Exercise data:
•••••

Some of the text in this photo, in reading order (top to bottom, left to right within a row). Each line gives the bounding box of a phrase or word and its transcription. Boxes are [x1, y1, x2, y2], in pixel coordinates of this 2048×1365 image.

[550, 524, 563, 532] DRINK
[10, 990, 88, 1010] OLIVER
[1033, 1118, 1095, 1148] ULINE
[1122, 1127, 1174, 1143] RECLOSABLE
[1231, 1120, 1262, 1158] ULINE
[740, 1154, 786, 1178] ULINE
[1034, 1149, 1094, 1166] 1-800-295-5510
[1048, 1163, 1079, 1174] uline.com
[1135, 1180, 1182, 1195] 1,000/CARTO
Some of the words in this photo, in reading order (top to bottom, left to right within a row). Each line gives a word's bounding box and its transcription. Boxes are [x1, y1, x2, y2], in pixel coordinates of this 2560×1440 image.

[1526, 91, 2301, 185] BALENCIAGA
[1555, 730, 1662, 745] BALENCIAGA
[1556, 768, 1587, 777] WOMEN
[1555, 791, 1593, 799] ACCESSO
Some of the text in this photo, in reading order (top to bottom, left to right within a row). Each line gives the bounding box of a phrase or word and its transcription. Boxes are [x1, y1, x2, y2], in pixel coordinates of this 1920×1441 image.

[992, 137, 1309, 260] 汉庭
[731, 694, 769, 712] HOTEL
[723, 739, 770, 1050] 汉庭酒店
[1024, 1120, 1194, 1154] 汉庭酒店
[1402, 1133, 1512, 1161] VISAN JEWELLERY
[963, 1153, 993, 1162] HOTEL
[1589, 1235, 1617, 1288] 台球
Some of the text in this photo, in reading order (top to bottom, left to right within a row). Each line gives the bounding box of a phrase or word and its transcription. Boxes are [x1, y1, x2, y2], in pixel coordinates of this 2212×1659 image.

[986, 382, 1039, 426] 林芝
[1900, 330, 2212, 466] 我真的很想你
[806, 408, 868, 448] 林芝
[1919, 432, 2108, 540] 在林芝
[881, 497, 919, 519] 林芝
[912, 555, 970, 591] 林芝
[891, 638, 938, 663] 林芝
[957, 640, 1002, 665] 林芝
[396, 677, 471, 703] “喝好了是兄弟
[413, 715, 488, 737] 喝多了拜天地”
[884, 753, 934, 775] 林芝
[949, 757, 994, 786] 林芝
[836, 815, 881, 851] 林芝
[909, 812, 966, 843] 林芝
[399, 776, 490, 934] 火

•••••

Work required: Print the records once more, exactly as they were given.

Output below:
Some of the text in this photo, in reading order (top to bottom, left to right within a row). Each line gives the bounding box of a phrase or word and its transcription. Boxes are [x1, y1, x2, y2], in pixel coordinates of this 2048×1365 image.

[550, 524, 563, 532] DRINK
[10, 990, 88, 1010] OLIVER
[1033, 1118, 1095, 1148] ULINE
[1122, 1127, 1174, 1143] RECLOSABLE
[1231, 1120, 1262, 1158] ULINE
[740, 1154, 786, 1178] ULINE
[1034, 1149, 1094, 1166] 1-800-295-5510
[1048, 1163, 1079, 1174] uline.com
[1135, 1180, 1182, 1195] 1,000/CARTO
Some of the words in this photo, in reading order (top to bottom, left to right within a row). Each line gives a word's bounding box and its transcription. Boxes are [x1, y1, x2, y2], in pixel coordinates of this 2560×1440 image.

[1526, 91, 2301, 185] BALENCIAGA
[1555, 730, 1662, 745] BALENCIAGA
[1556, 768, 1587, 777] WOMEN
[1555, 791, 1593, 799] ACCESSO
Some of the text in this photo, in reading order (top to bottom, left to right within a row). Each line gives the bounding box of a phrase or word and its transcription. Boxes are [x1, y1, x2, y2], in pixel coordinates of this 1920×1441 image.

[992, 137, 1309, 260] 汉庭
[731, 694, 769, 712] HOTEL
[723, 739, 770, 1050] 汉庭酒店
[1024, 1120, 1194, 1154] 汉庭酒店
[1402, 1133, 1512, 1161] VISAN JEWELLERY
[963, 1153, 993, 1162] HOTEL
[1589, 1235, 1617, 1288] 台球
Some of the text in this photo, in reading order (top to bottom, left to right within a row). Each line gives the bounding box of a phrase or word and its transcription. Boxes are [x1, y1, x2, y2], in pixel coordinates of this 2212×1659 image.

[986, 382, 1039, 426] 林芝
[1900, 330, 2212, 466] 我真的很想你
[806, 408, 868, 448] 林芝
[1919, 432, 2108, 540] 在林芝
[881, 497, 919, 519] 林芝
[912, 555, 970, 591] 林芝
[891, 638, 938, 663] 林芝
[957, 640, 1002, 665] 林芝
[396, 677, 471, 703] “喝好了是兄弟
[413, 715, 488, 737] 喝多了拜天地”
[884, 753, 934, 775] 林芝
[949, 757, 994, 786] 林芝
[836, 815, 881, 851] 林芝
[909, 812, 966, 843] 林芝
[399, 776, 490, 934] 火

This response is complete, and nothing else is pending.